> DATA EXTRACTS:
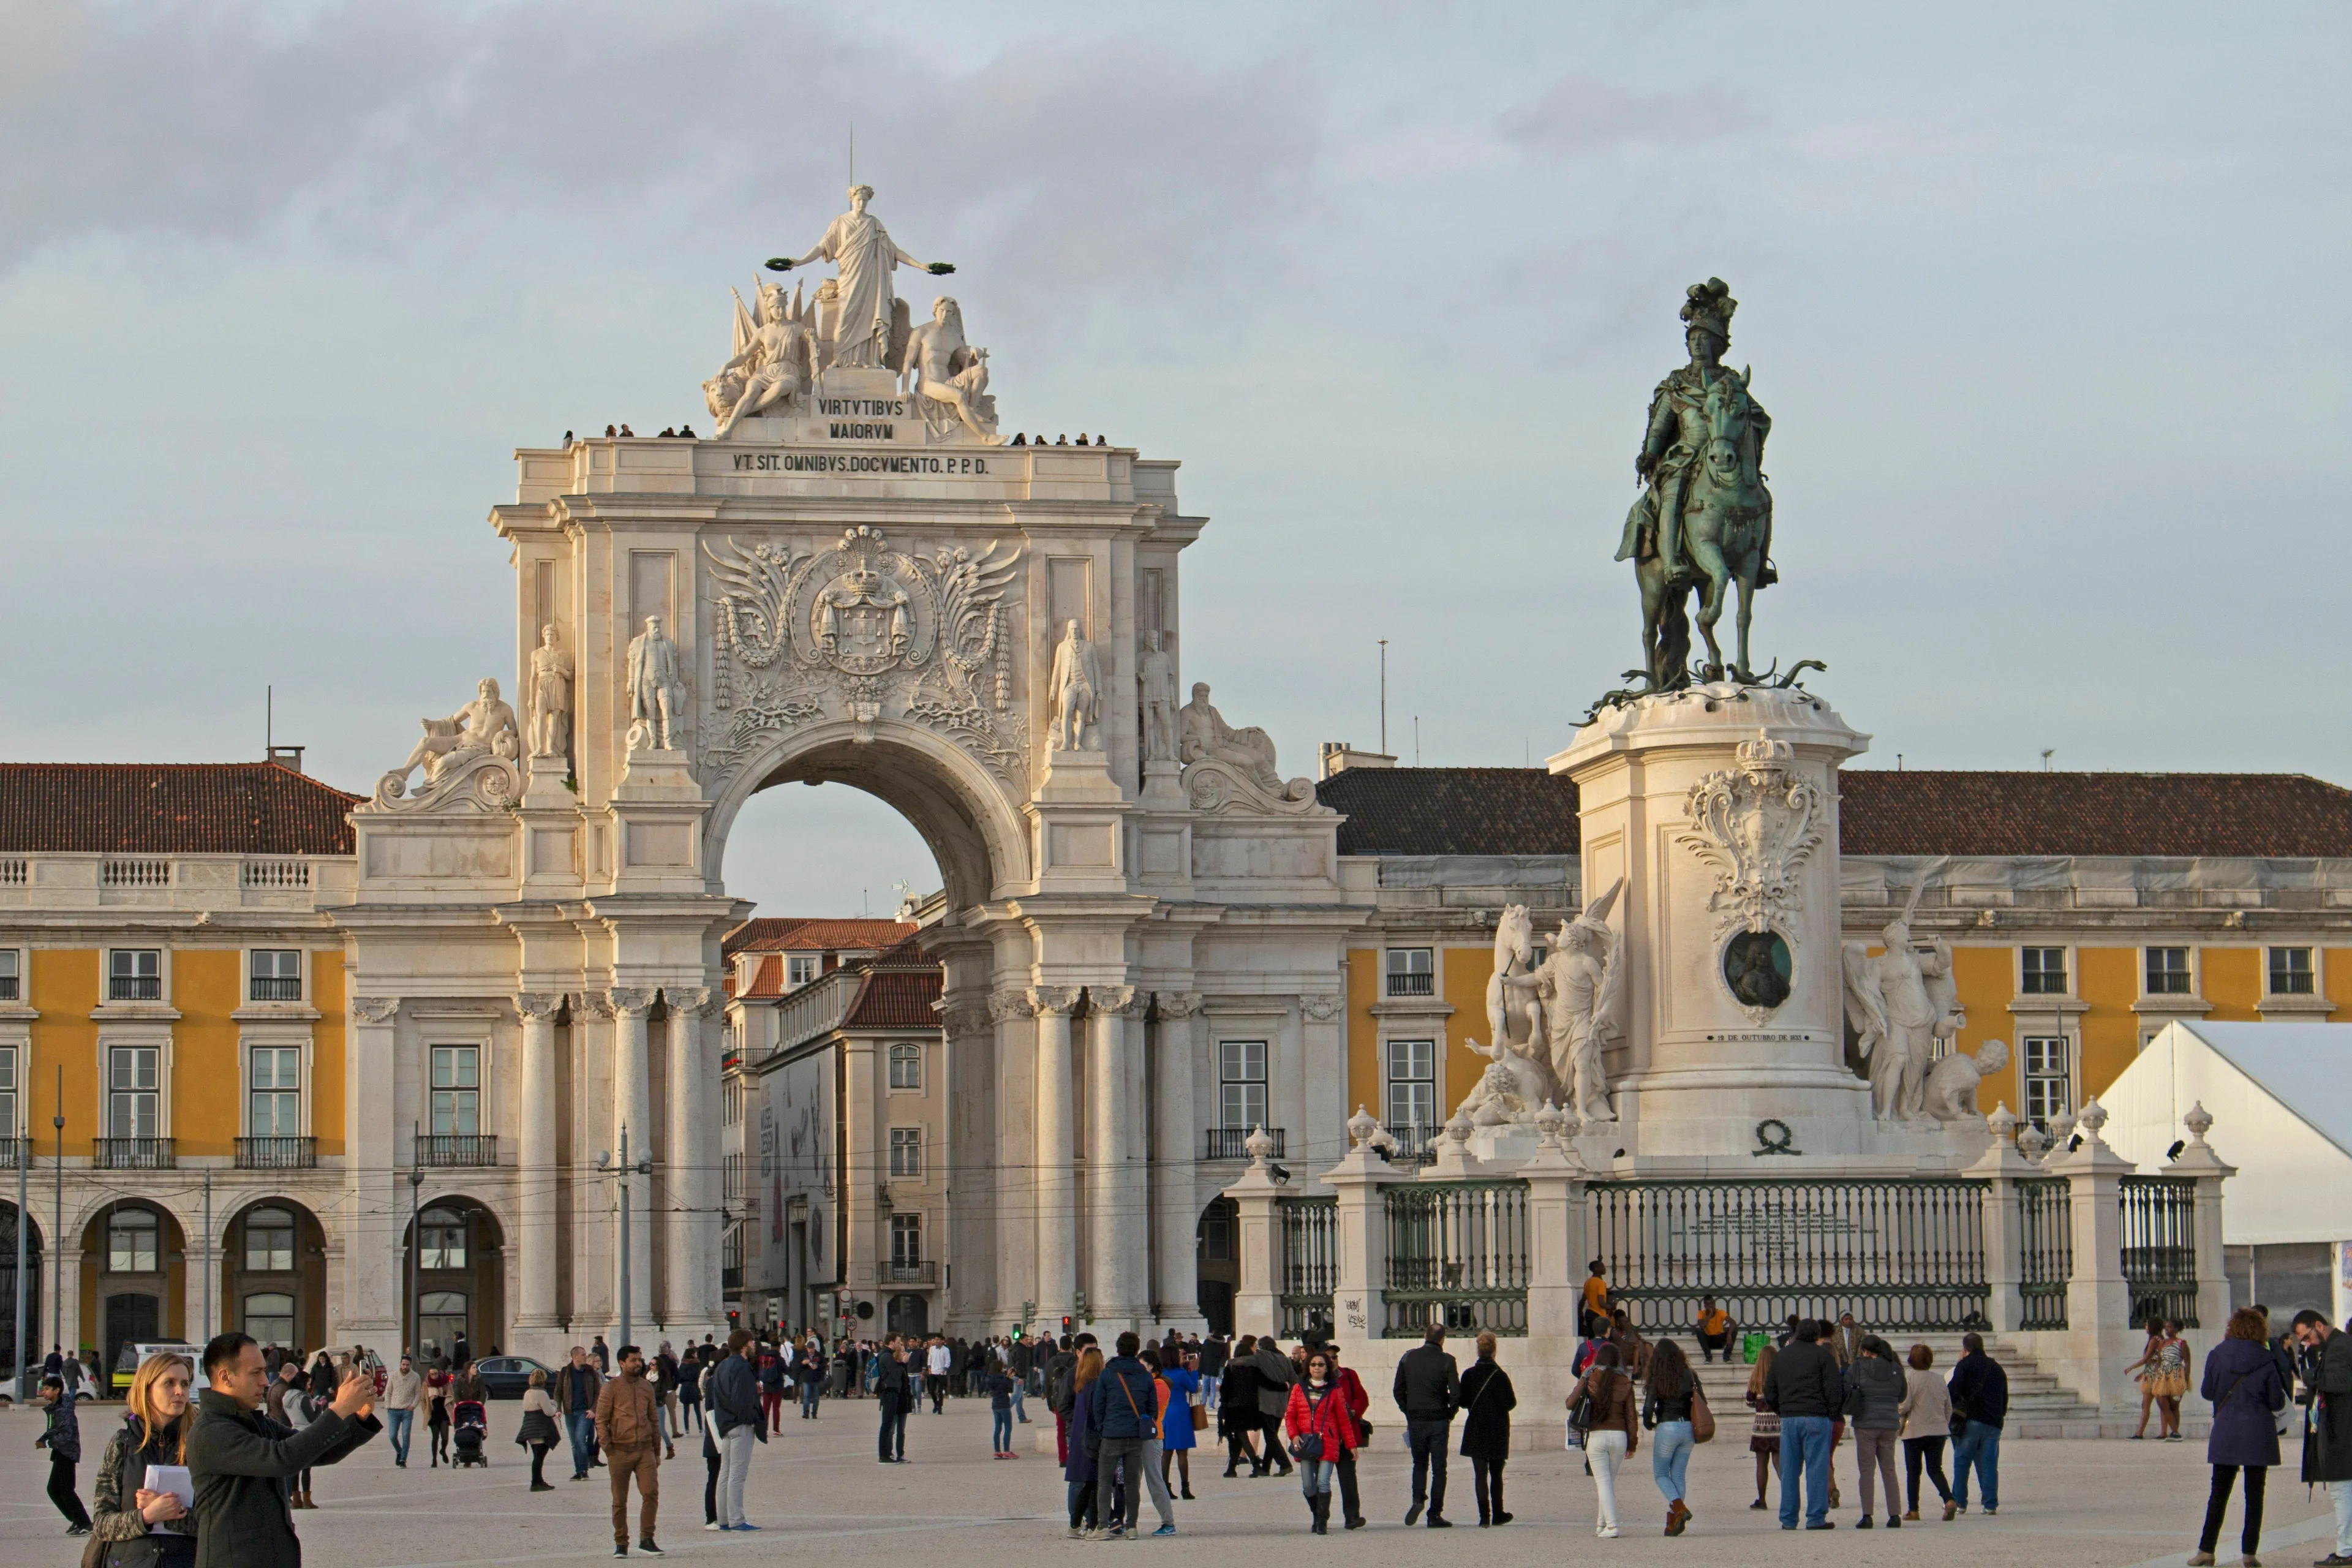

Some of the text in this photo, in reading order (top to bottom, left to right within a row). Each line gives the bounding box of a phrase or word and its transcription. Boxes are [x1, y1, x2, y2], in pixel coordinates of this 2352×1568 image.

[818, 399, 903, 416] VIRTVTIBVS
[830, 423, 893, 439] MAIORVM
[733, 454, 753, 470] VT.
[757, 455, 780, 470] SIT.

> WHAT THE TASK ASKS: Wherever an image appears in the data, omit it and repeat everything else exactly.

> SOLUTION TO THIS EXERCISE:
Some of the text in this photo, in reading order (top to bottom, left to right within a row). Each line gives the bounding box of a phrase or word and its transcription. Boxes are [x1, y1, x2, y2], in pixel coordinates of this 2352×1568 image.

[818, 399, 903, 416] VIRTVTIBVS
[830, 423, 893, 439] MAIORVM
[733, 454, 753, 470] VT.
[757, 455, 780, 470] SIT.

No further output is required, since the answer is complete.